Manuel Fernández de Sousa, expresidente de Pescanova e imputado por varios delitos de falseamiento y uso de información, reclama a la empresa una indemnización de 663.199 euros por despido improcedente. Esta cifra equivale a 12 mensualidades ya que Fernández de Sousa tenía una nómina de 55.266 euros al mes.

La cifra se conoció ayer durante el acto de conciliación de la demanda por despido improcedente que Sousa presentó el pasado 28 de octubre alegando que no tenía una relación contractual con la firma que está en concurso de acreedores. Precisamente por esta razón, la empresa y Deloitte, que actúa como administrador concursal, consideran que no debe aceptarse la reclamación al no haber relación laboral.

El argumento jurídico de Fernández de Sousa es que, previamente a su acceso a los cargos directivos de la empresa --fundada por su padre--, él había empezado a trabajar desde la base en 1977, de forma que a su entender existía una relación laboral previa que es la que ahora permitiría la reclamación de una indemnización.

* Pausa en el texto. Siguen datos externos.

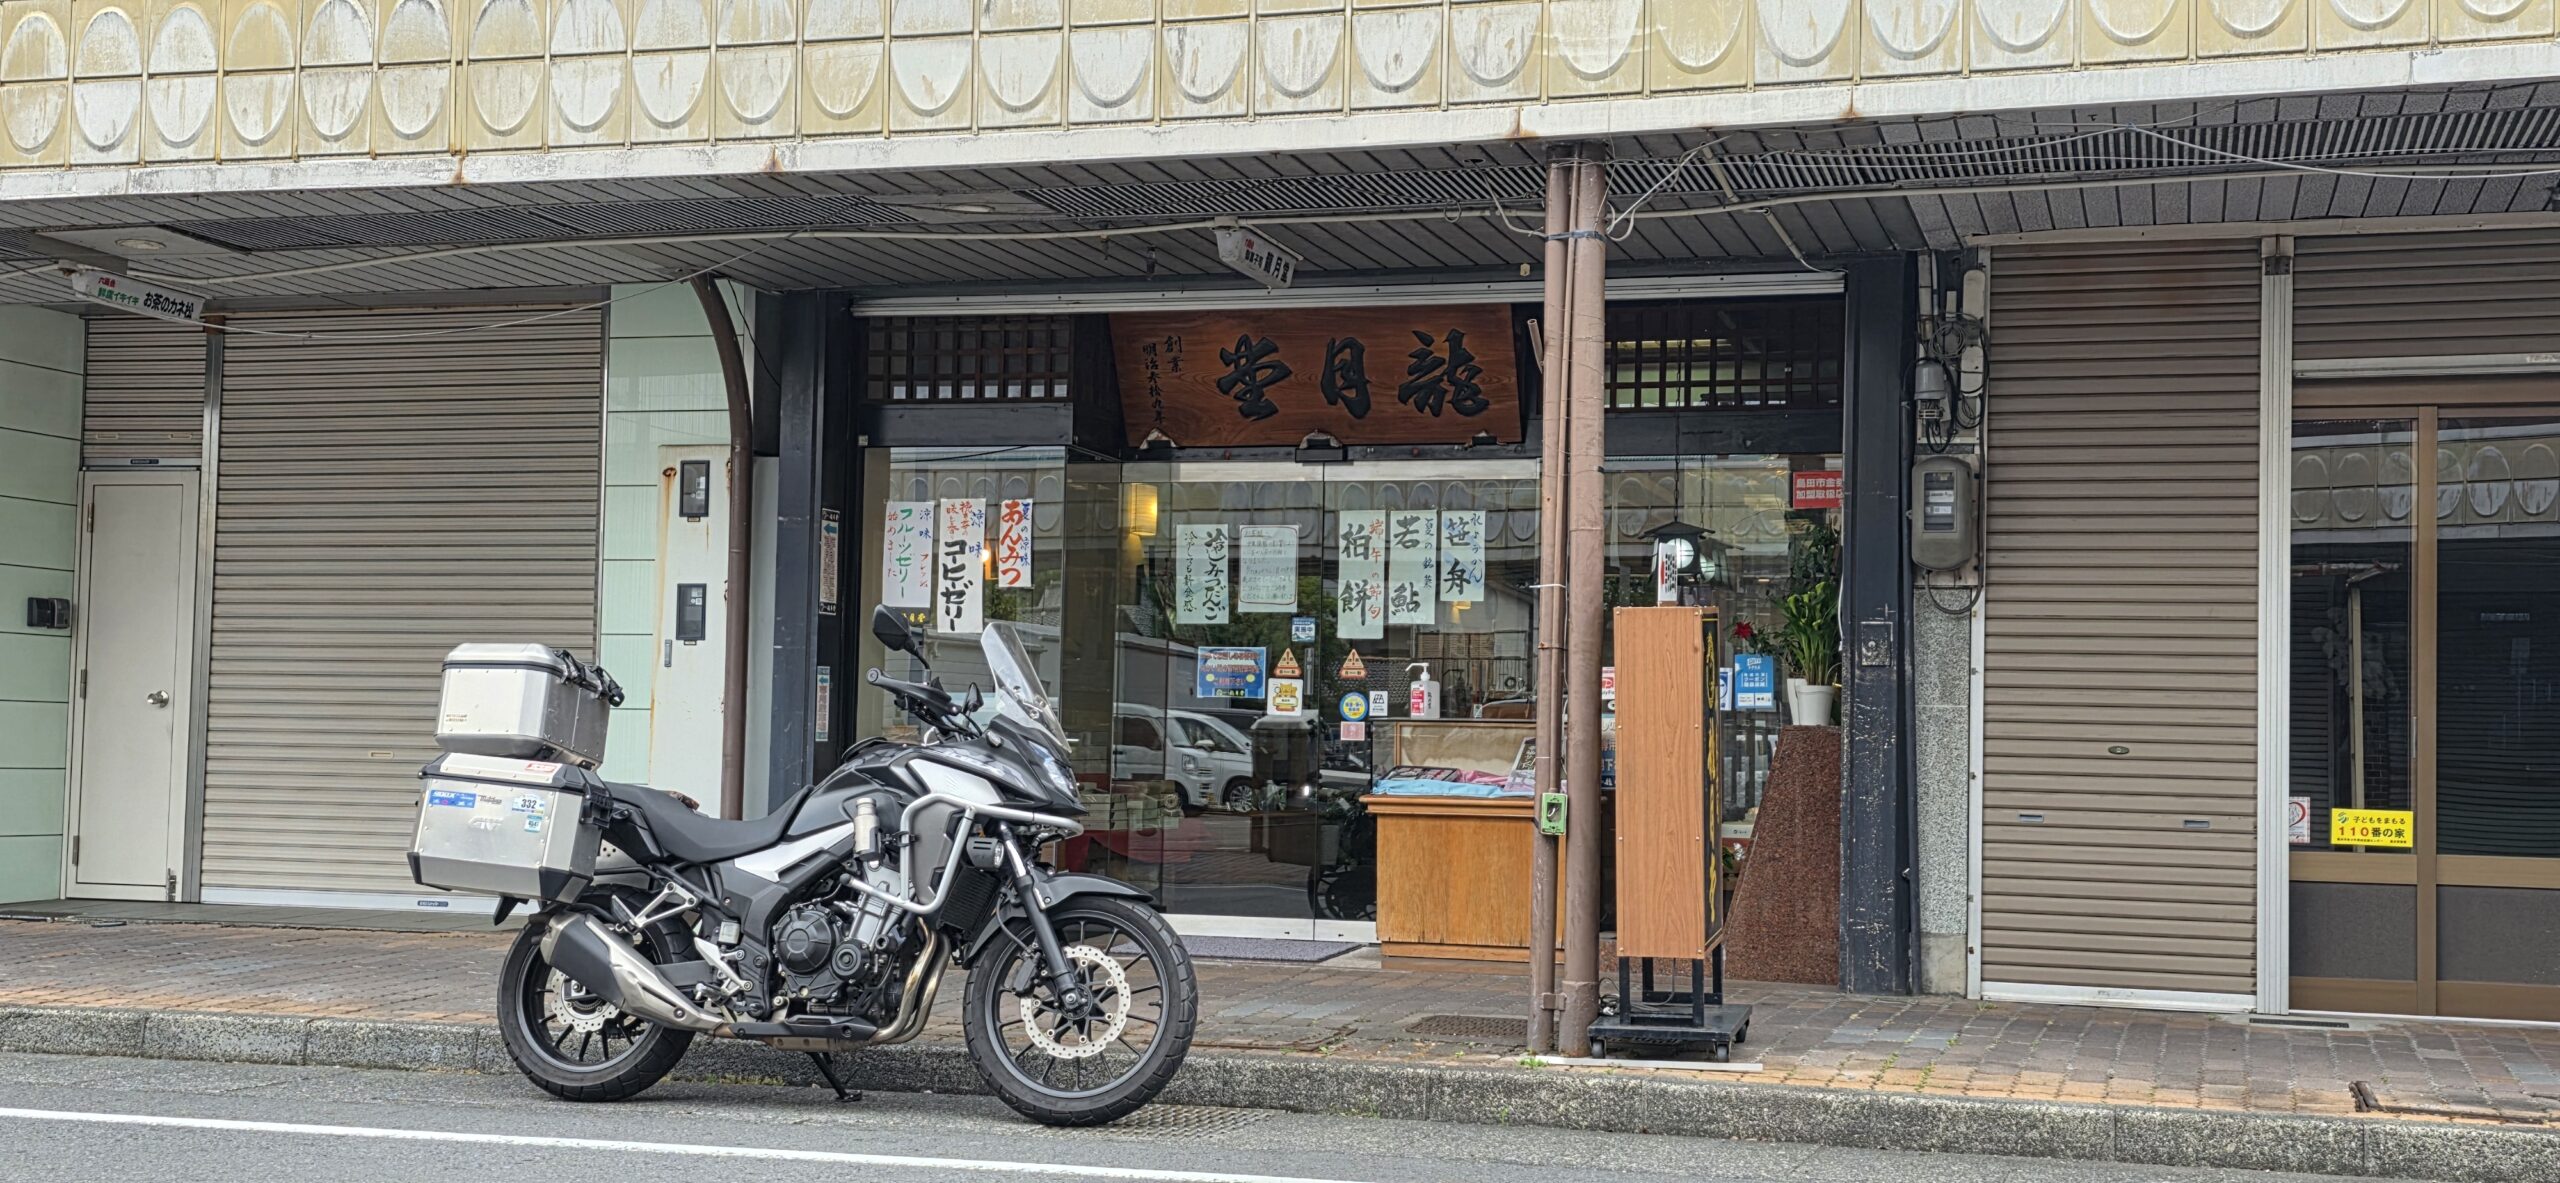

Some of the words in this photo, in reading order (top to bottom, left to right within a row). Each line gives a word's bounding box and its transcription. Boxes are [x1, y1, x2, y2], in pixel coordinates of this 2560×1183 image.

[143, 291, 195, 319] お茶のカネ松
[1164, 335, 1184, 373] 創業
[886, 511, 898, 577] 始めました
[896, 508, 916, 598] フルーツゼリー
[919, 508, 933, 539] 涼味
[969, 509, 985, 558] 涼味
[1000, 501, 1023, 585] あんみつ
[1020, 502, 1031, 566] 夏の涼味
[1443, 516, 1472, 595] 笹舟
[1468, 513, 1483, 583] 水ようかん
[940, 540, 974, 631] コーヒーゼリー
[1202, 528, 1228, 621] 冷やしみつだんご
[1338, 523, 1372, 626] 柏餅
[1367, 519, 1384, 620] 端午の節句
[1391, 515, 1421, 616] 若鮎
[521, 799, 537, 809] 332
[2338, 826, 2405, 839] 110番の家
[2352, 815, 2406, 825] 子どもをまもる

Tanto Santiago Hurtado, por parte del administrador concursal, como la abogada de Pescanova recordaron que Fernández de Sousa accedió al consejo de administración de la empresa solo cinco meses después de su incorporación, y que en 1978 ya era director gerente. Según Hurtado, "no hay sustento jurídico alguno y resulta casi descabellado basar una demanda en esos fundamentos ante el juez mercantil, en la situación actual y con incomparecencia del presidente, considerando que es un acto de mero trámite".

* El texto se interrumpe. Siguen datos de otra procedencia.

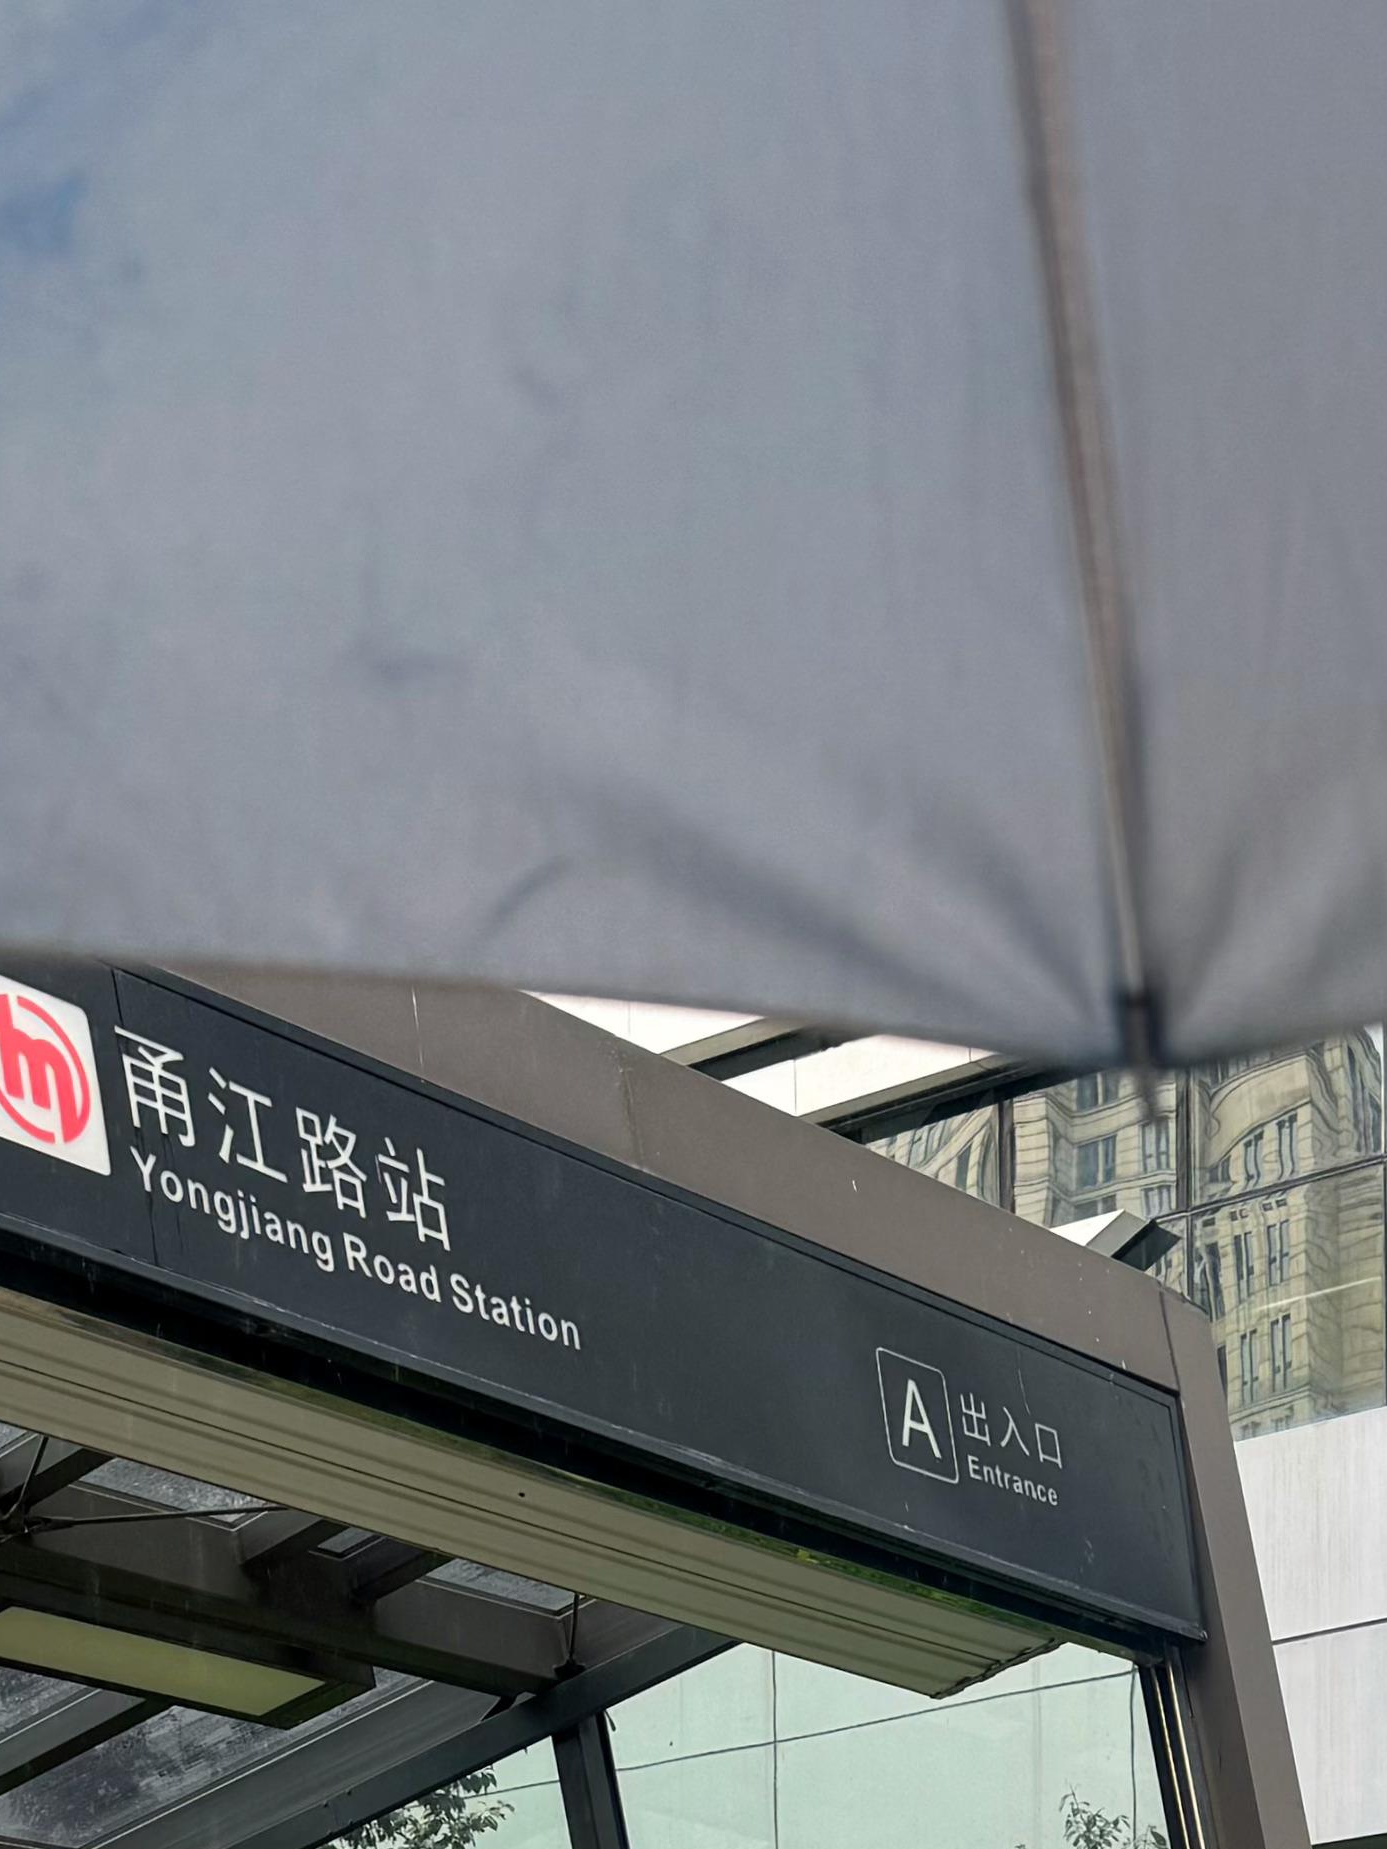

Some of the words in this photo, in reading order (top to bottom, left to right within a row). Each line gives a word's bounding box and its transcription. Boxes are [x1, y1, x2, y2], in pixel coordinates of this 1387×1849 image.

[114, 1025, 450, 1251] 甬江路站
[130, 1146, 335, 1272] Yongjiang
[343, 1232, 442, 1303] Road
[449, 1273, 581, 1350] Station
[901, 1378, 942, 1459] A
[960, 1392, 1062, 1469] 出入口
[967, 1454, 1059, 1506] Entrance

UN MILLON DE EUROS AL AÑO Fernández de Sousa presentó, tras conocerse el informe elaborado por KPMG, su dimisión como presidente de la compañía gallega el pasado 17 de julio, y por este cargo percibía unos emolumentos de casi un millón de euros al año. En concreto, percibía un monto de 989.000 euros por su puesto ejecutivo como presidente, según los datos que figuran en el informe del Gobierno Corporativo del ejercicio 2011, el último disponible.

Por su parte, los accionistas minoritarios han presentado un escrito en la Audiencia Nacional solicitando prisión provisional para el expresidente de la pesquera y la imputación del presidente del cervecera Damm, Demetrio Carceller, para asegurar su comparecencia en el juicio y evitar la destrucción de pruebas.